··· Data for analysis
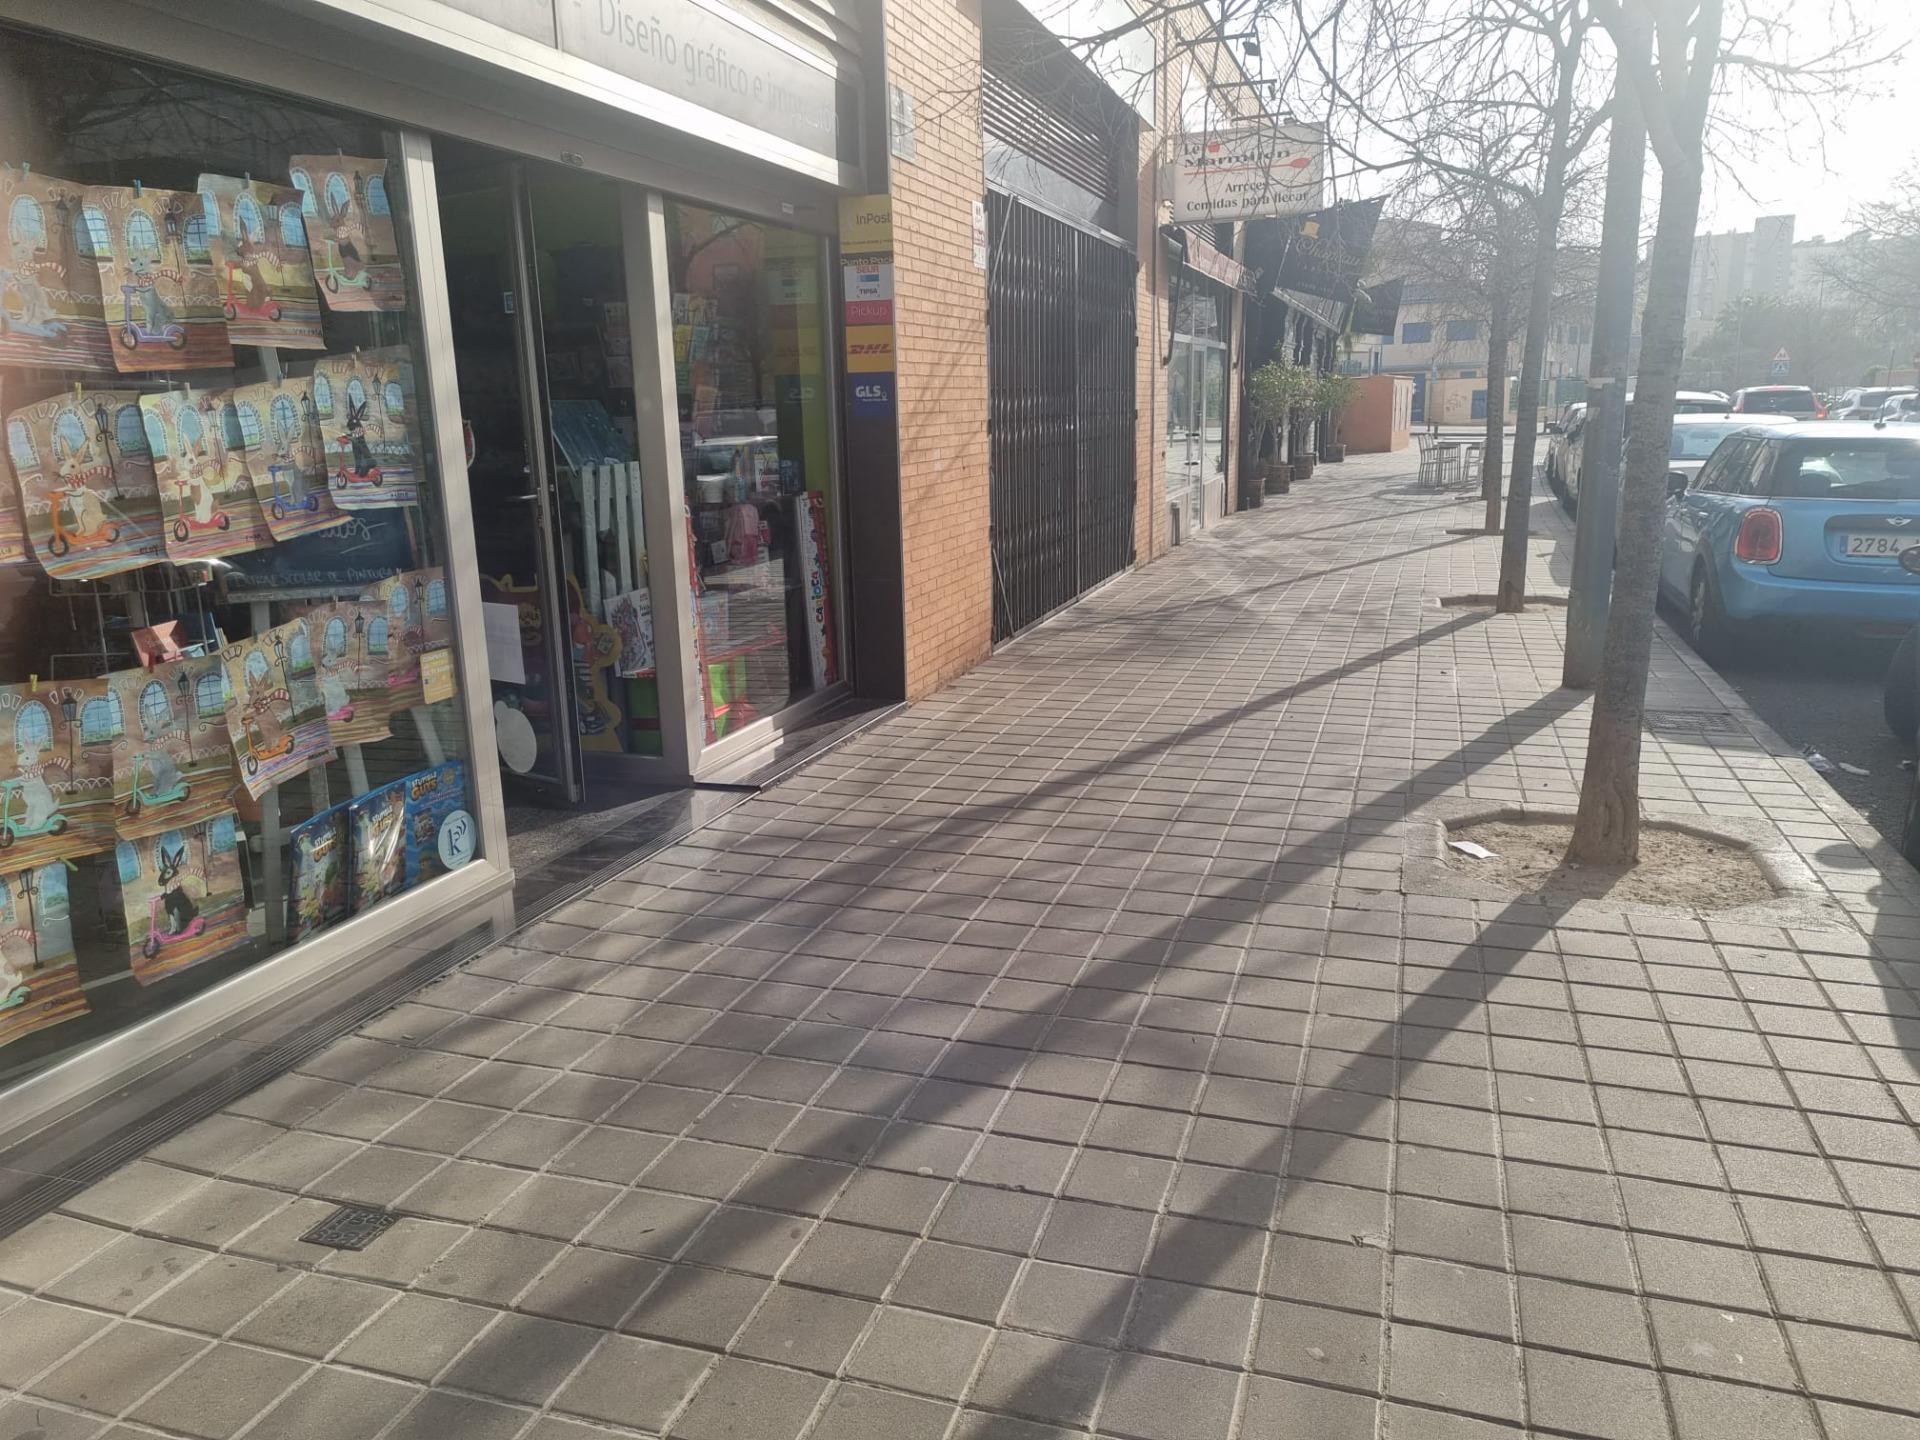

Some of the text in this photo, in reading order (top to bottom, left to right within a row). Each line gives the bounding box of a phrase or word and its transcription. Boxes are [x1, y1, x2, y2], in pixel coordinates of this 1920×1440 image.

[599, 0, 677, 65] Diseño
[684, 43, 748, 96] gráfico
[753, 75, 763, 103] e
[1187, 198, 1238, 212] Comidas
[1242, 195, 1270, 209] para
[856, 212, 891, 225] InPost
[848, 343, 892, 355] DHL
[855, 384, 881, 398] GLS
[1852, 537, 1900, 554] 2784
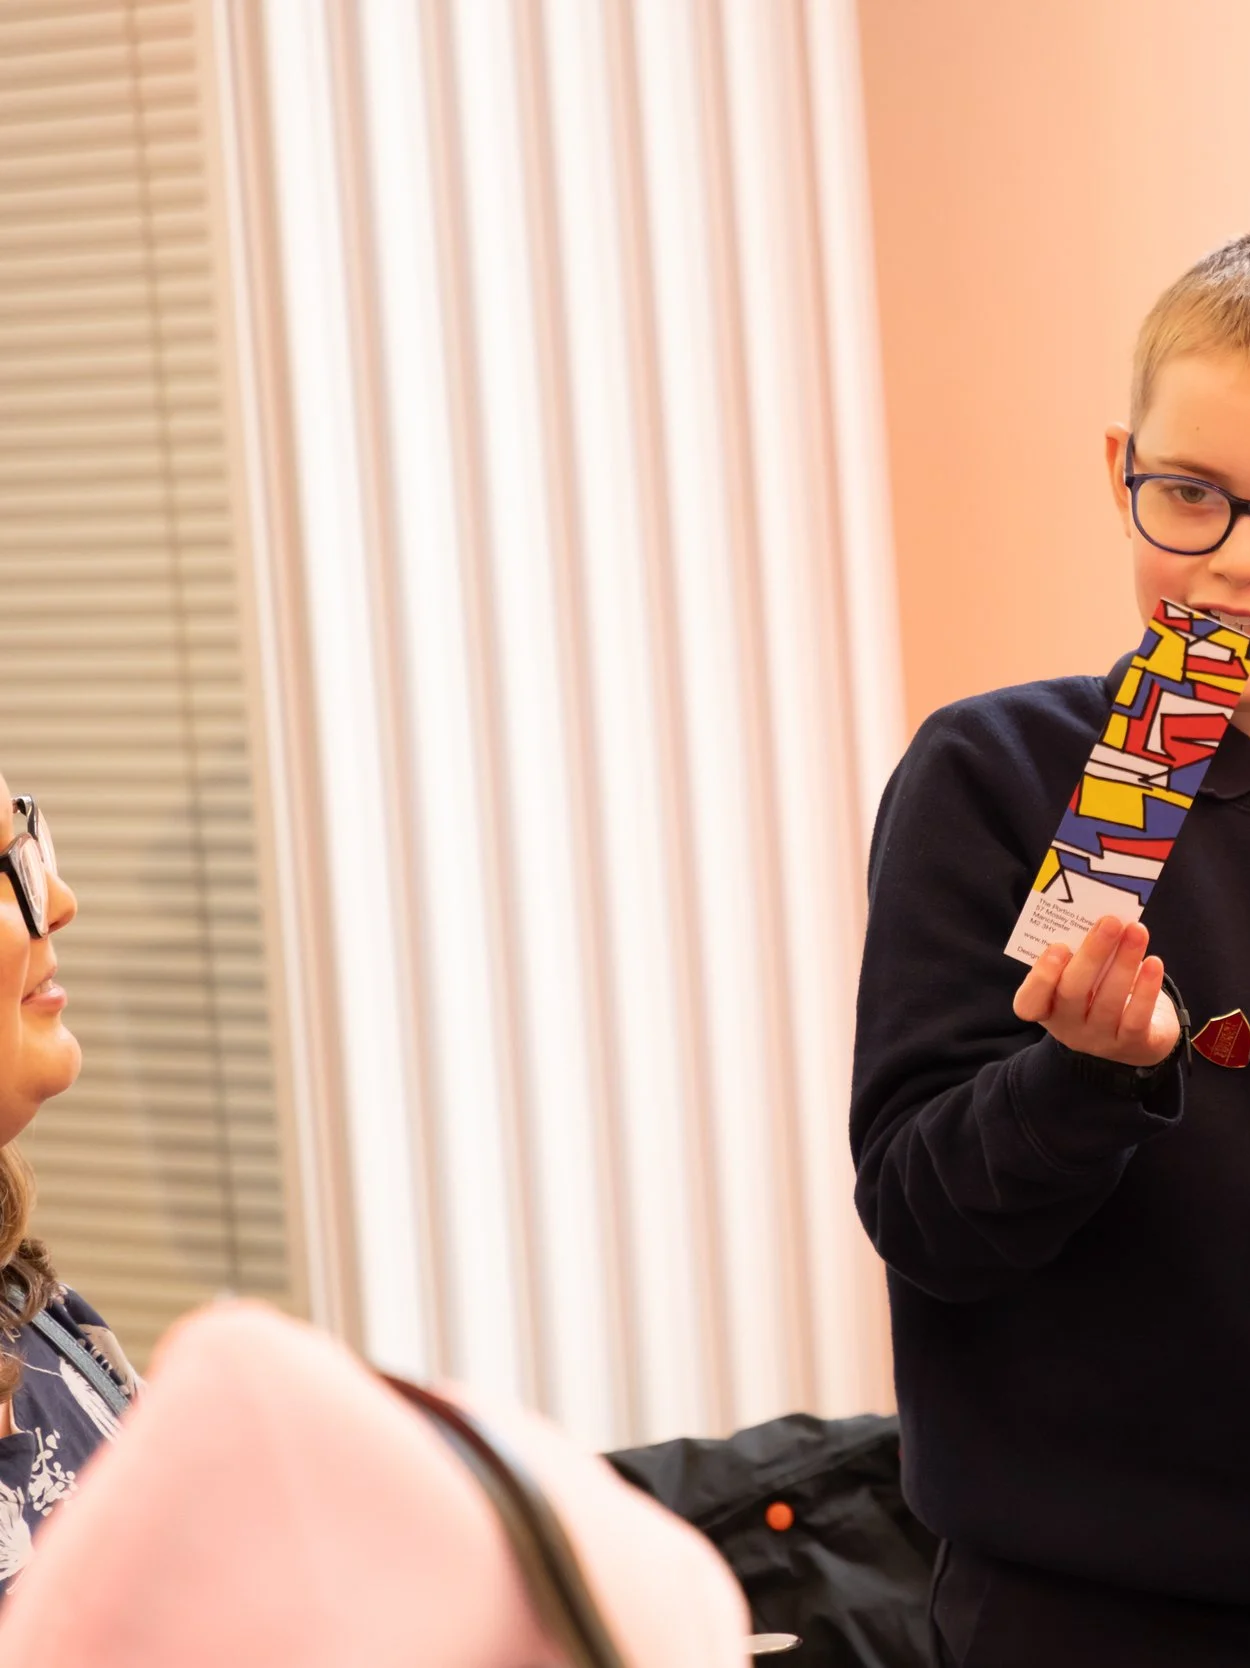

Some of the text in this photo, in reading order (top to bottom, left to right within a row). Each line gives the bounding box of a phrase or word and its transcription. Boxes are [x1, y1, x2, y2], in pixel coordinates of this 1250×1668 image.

[1029, 917, 1040, 926] M2
[1033, 911, 1071, 932] Manchester
[1035, 904, 1090, 932] 57 Mosley Street
[1039, 898, 1095, 927] The Portico Librar
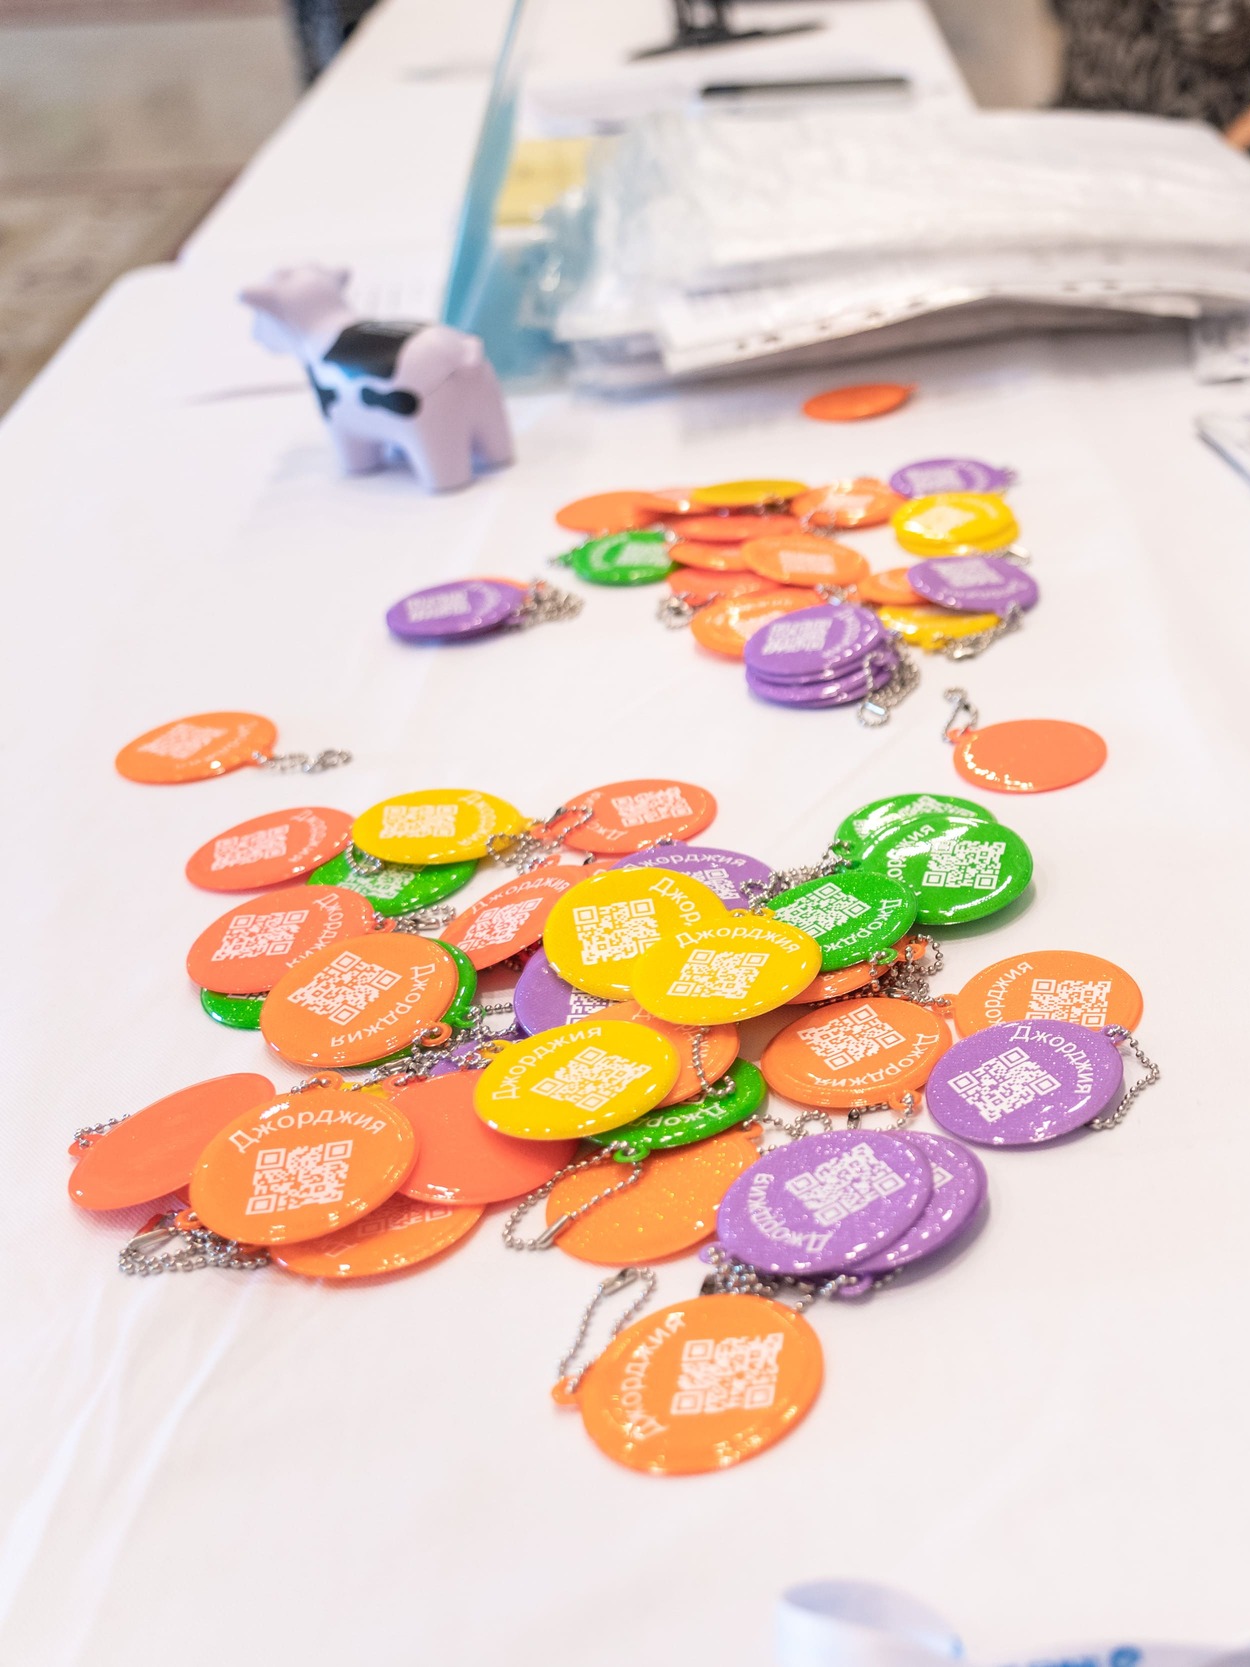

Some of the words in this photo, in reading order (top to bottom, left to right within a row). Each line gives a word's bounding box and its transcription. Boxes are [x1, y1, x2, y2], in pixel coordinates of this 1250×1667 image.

[472, 877, 570, 914] Джорджия
[648, 877, 701, 926] Джор
[675, 926, 800, 954] Джорджия
[823, 899, 902, 953] Джордж
[330, 963, 436, 1047] Джорджия
[492, 1025, 603, 1101] Джорджия
[813, 1032, 939, 1086] Джорджия
[1009, 1025, 1094, 1095] Джорджия
[228, 1108, 386, 1153] Джорджия
[749, 1173, 834, 1253] Джорджия
[618, 1311, 686, 1441] Джорджия
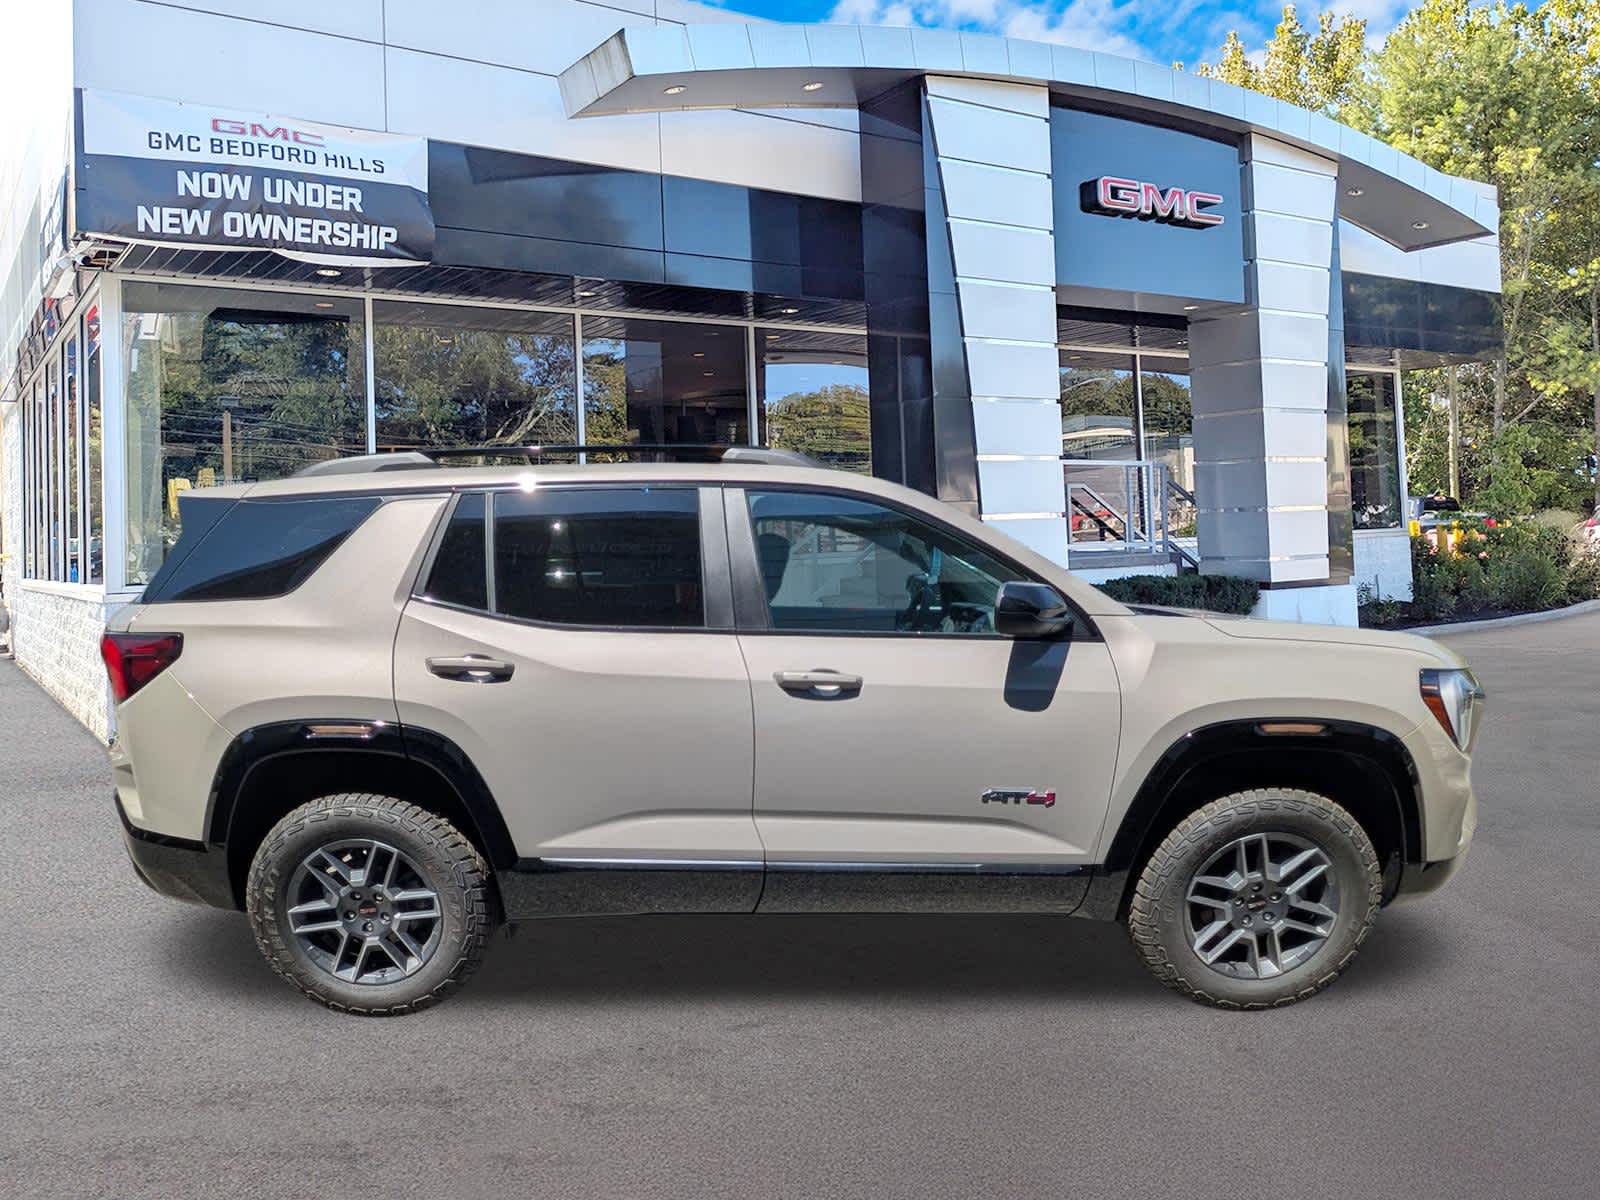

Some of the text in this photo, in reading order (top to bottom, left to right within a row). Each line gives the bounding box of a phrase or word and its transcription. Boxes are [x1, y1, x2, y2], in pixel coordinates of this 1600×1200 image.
······
--- What to do ---
Leave the pictures out and reproduce every record above exactly.

--- Answer below ---
Some of the text in this photo, in reading order (top to bottom, left to right within a row). Each line gives the bounding box of a phrase or word and its transcription. Boxes are [x1, y1, x2, y2], in pixel coordinates of this 1920×1440 image.

[599, 0, 677, 65] Diseño
[684, 43, 748, 96] gráfico
[753, 75, 763, 103] e
[1187, 198, 1238, 212] Comidas
[1242, 195, 1270, 209] para
[856, 212, 891, 225] InPost
[848, 343, 892, 355] DHL
[855, 384, 881, 398] GLS
[1852, 537, 1900, 554] 2784

Some of the text in this photo, in reading order (top to bottom, left to right within a row). Each line gives the bounding box of a phrase or word and its transcription. Boxes are [x1, y1, x2, y2], in pixel coordinates of this 1250×1668 image.

[1029, 917, 1040, 926] M2
[1033, 911, 1071, 932] Manchester
[1035, 904, 1090, 932] 57 Mosley Street
[1039, 898, 1095, 927] The Portico Librar

Some of the words in this photo, in reading order (top to bottom, left to right within a row). Each line gives a word's bounding box and its transcription. Boxes are [x1, y1, x2, y2], in pixel coordinates of this 1250×1667 image.

[472, 877, 570, 914] Джорджия
[648, 877, 701, 926] Джор
[675, 926, 800, 954] Джорджия
[823, 899, 902, 953] Джордж
[330, 963, 436, 1047] Джорджия
[492, 1025, 603, 1101] Джорджия
[813, 1032, 939, 1086] Джорджия
[1009, 1025, 1094, 1095] Джорджия
[228, 1108, 386, 1153] Джорджия
[749, 1173, 834, 1253] Джорджия
[618, 1311, 686, 1441] Джорджия

Some of the text in this photo, in reading order (top to bottom, left to right within a row). Each line gives the bounding box of a phrase or word and its transcription. Boxes are [x1, y1, x2, y2], in pixel coordinates of this 1600×1200 image.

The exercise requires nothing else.